Q. Do you think the following statement is true or false? “Buying a single company stock usually provides a safer return than a stock mutual fund.” 

The possible answers? True, false, do not know and refuse to answer. 

Sixteen percent of people got it wrong. “Do not know” was chosen by 38 percent. In the U.S., 46 percent of workers got it right. Good for you, America. (The answer, in case you were wondering, is false.) 

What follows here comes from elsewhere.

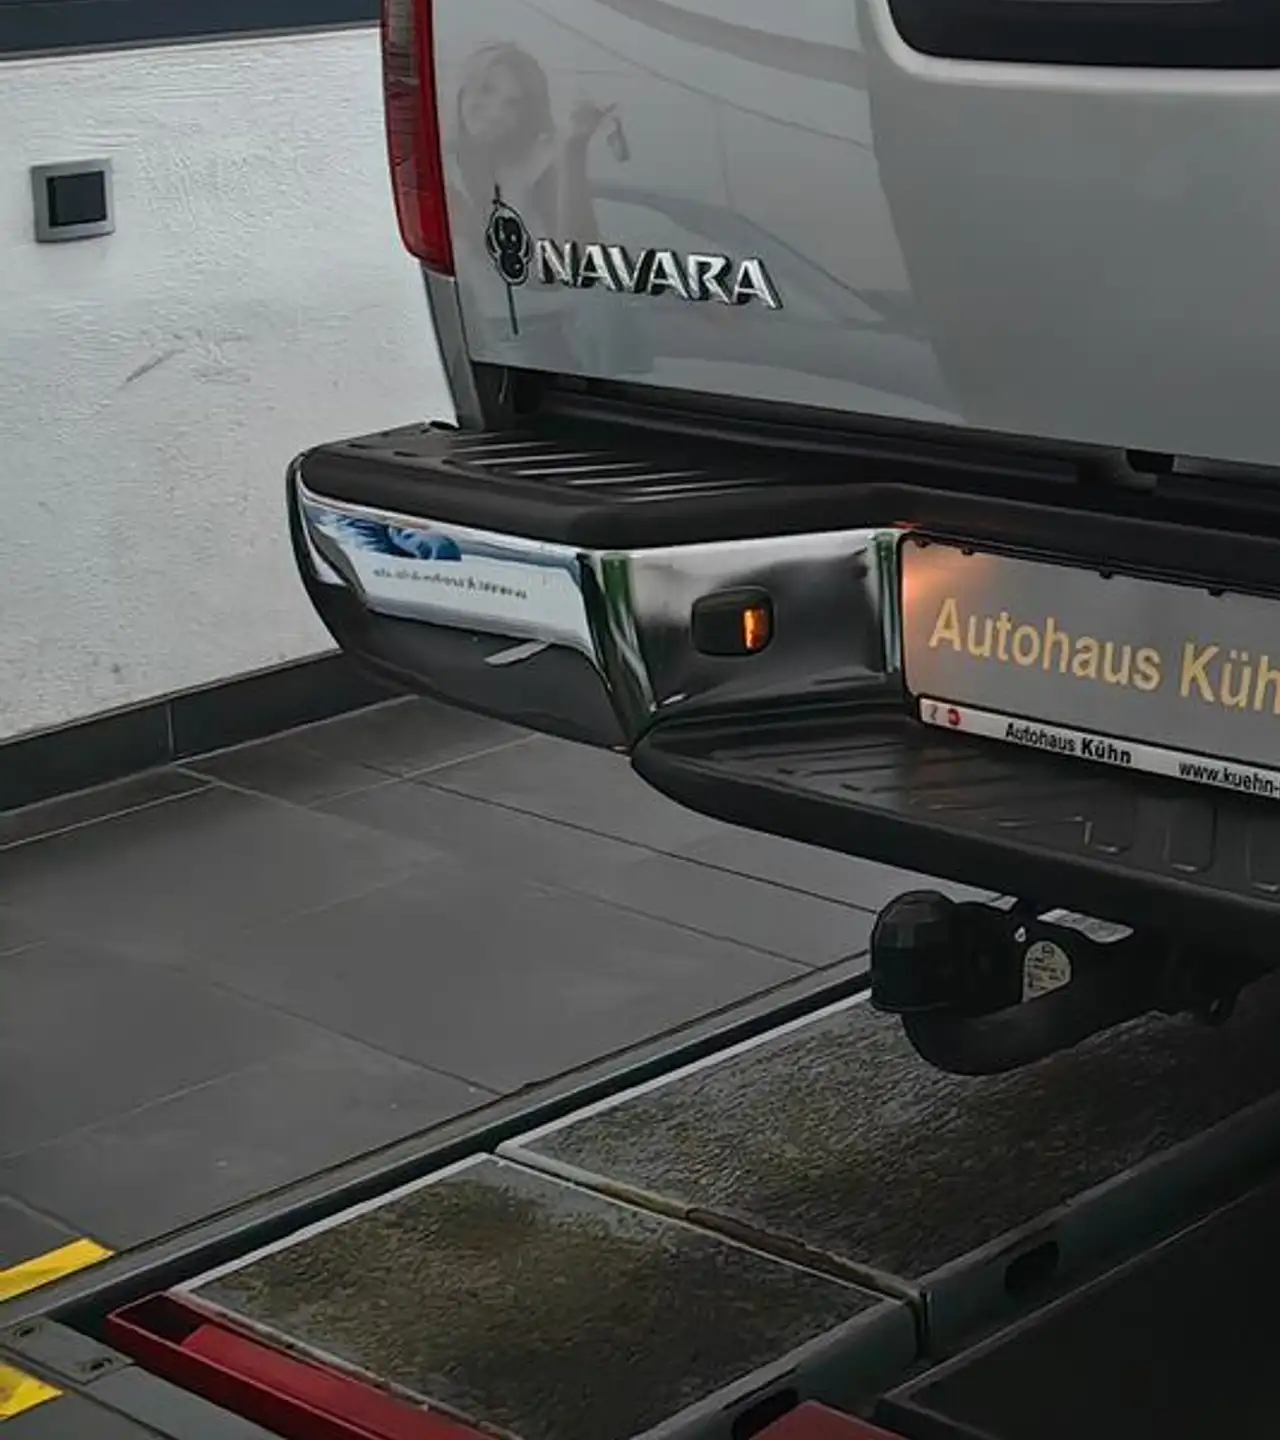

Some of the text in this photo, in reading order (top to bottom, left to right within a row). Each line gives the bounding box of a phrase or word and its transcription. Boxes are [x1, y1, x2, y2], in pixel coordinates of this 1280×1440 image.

[534, 238, 783, 309] NAVARA
[928, 597, 1162, 692] Autohaus
[1004, 722, 1133, 765] Autohaus Kühn

Also, it is a little to no surprise that the average middle-class worker doesn’t seem to understand how inflation works or how it affects their ability to purchase goods. This may explain Central Banks' obsession with manipulating it and using it as a tool to further their spending agendas. The article continued:

It was an inflation question that had the highest percentage of wrong answers, however. More than 20 percent of workers didn’t grasp how higher inflation hurts their buying power. Given that declining health was the most-cited retirement worry, at 49 percent, and healthcare is an area (in the U.S., especially) with high cost-inflation, well, that makes the subject something older folks should have down cold.

Despite the lack of understanding, making fiscal sense remains a major concern for people heading toward retirement. The survey also queried participants regarding what their biggest concerns were as they approached retirement. "Running out of money" came in second, only to "declining physical health". 

Despite not understanding the core principles of the government's monetary policy, participants in the survey seemed to be sure that the government benefits offered for retirement were crucial to a comfortable retirement. As the government takes with the hand of inflation, it gave survey participants a warm and comfortable feeling with the other hand that spends on their retirement benefits. 

The survey asked workers—about 1,000 per country—what global trends would affect their retirement plans. “Reduction in government retirement benefits” was the most popular answer worldwide, chosen by 38 percent globally; in America, it was 26 percent. The countries most worried about cuts to government benefits? Brazil and Hungary, at about 53 percent.

The reality of trends that will actually impact retirees seemed to go unnoticed, however, according to the survey.

Across the board, though, workers didn’t seem to recognize the huge impact that basic changes in the labor force, technology and the climate will probably have on their retirement plans, said Catherine Collinson, president of the nonprofit Transamerica Center for Retirement Studies and executive director of The Aegon Center for Longevity and Retirement

Survey participants also seemed to be a little detached from when they would actually stop working, on average. The survey found an alarming number of people who wanted to work to 65 but had to retire early, generally for reasons of declining health or simply "job loss". The article continued:

“It makes me wonder about the extent to which people are naive about the magnitude of the disruption in our world, and the level of change that has not only occurred, but is imminent,” said Collinson. “Is it that people don’t see it coming, or is it so overwhelming that people are in denial?”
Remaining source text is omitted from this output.